**Problem:** Repeat every record exactly as written, but leave out the pictures.

**Listed entries:**
####

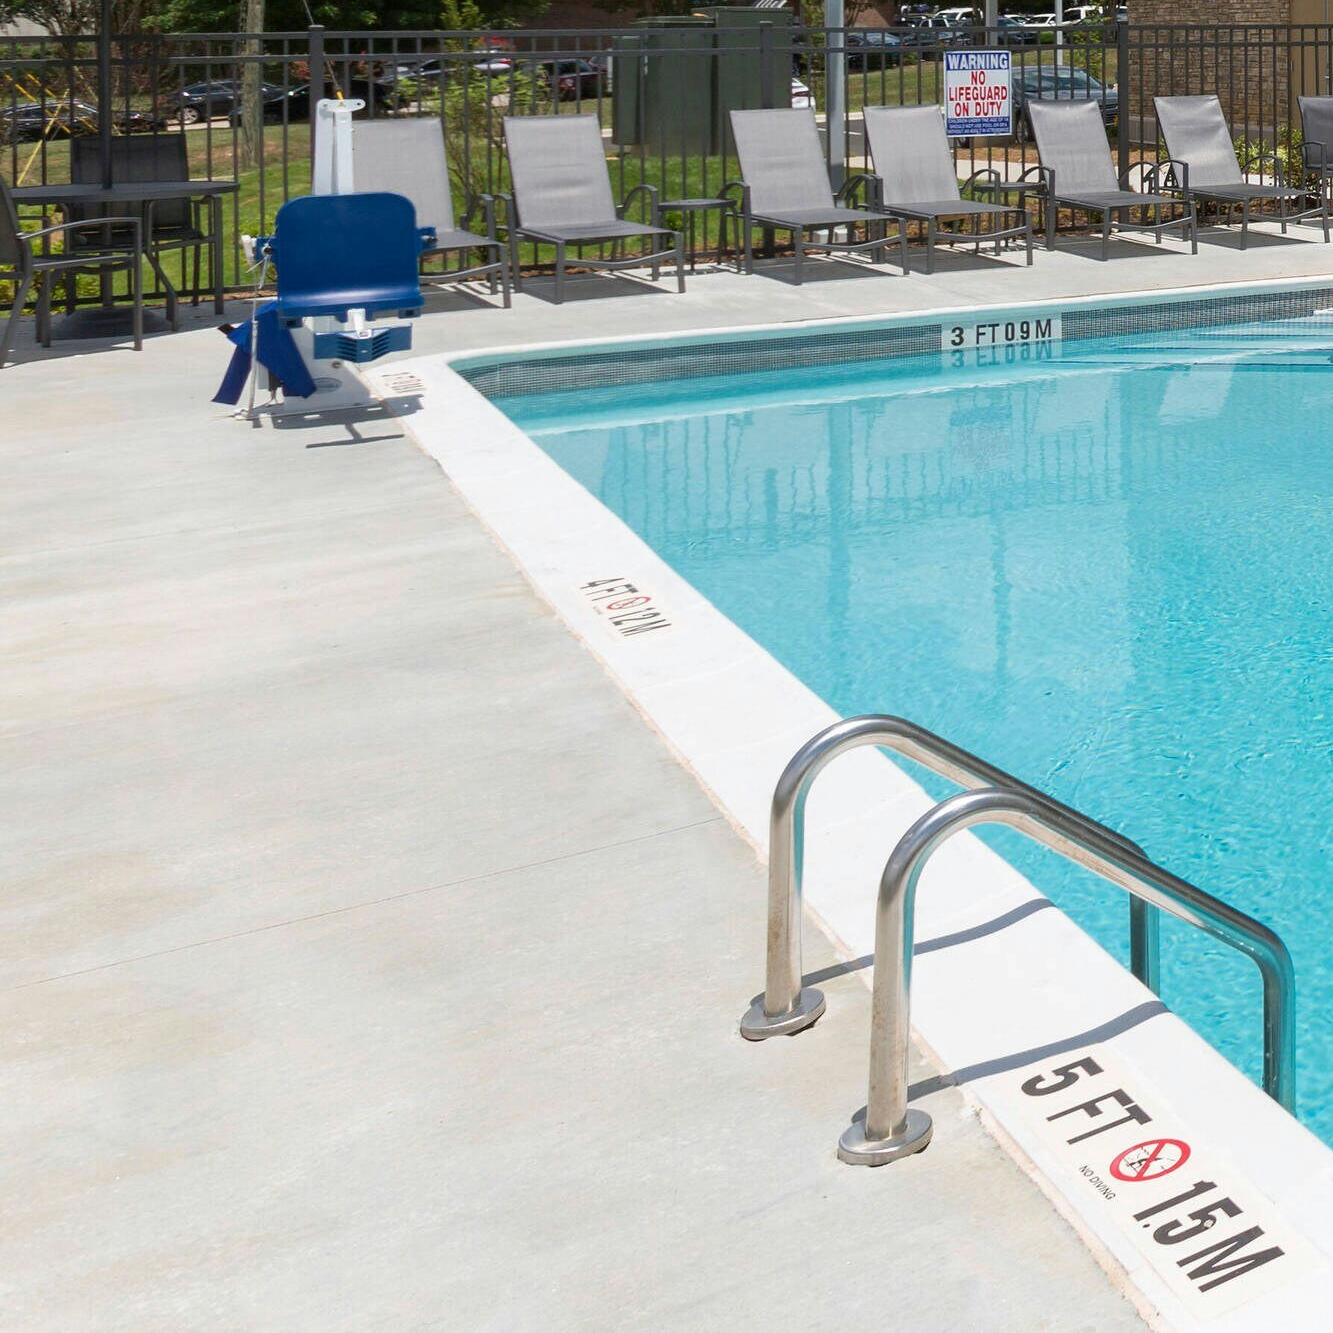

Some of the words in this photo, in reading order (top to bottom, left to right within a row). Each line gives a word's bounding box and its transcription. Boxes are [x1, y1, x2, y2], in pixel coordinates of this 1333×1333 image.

[948, 54, 1008, 70] WARNING
[971, 71, 985, 85] NO
[949, 86, 1007, 101] LIFEGUARD
[955, 102, 969, 116] ON
[975, 102, 1002, 116] DUTY
[951, 326, 964, 346] 3
[976, 323, 999, 344] FT
[580, 578, 624, 589] 4
[584, 584, 639, 601] FT
[1021, 1056, 1104, 1096] 5
[1045, 1088, 1153, 1145] FT
[1078, 1165, 1094, 1176] NO
[1089, 1176, 1116, 1200] DIVING

####

**Solution to this problem:**
Some of the words in this photo, in reading order (top to bottom, left to right within a row). Each line gives a word's bounding box and its transcription. Boxes are [x1, y1, x2, y2], in pixel coordinates of this 1333×1333 image.

[948, 54, 1008, 70] WARNING
[971, 71, 985, 85] NO
[949, 86, 1007, 101] LIFEGUARD
[955, 102, 969, 116] ON
[975, 102, 1002, 116] DUTY
[951, 326, 964, 346] 3
[976, 323, 999, 344] FT
[580, 578, 624, 589] 4
[584, 584, 639, 601] FT
[1021, 1056, 1104, 1096] 5
[1045, 1088, 1153, 1145] FT
[1078, 1165, 1094, 1176] NO
[1089, 1176, 1116, 1200] DIVING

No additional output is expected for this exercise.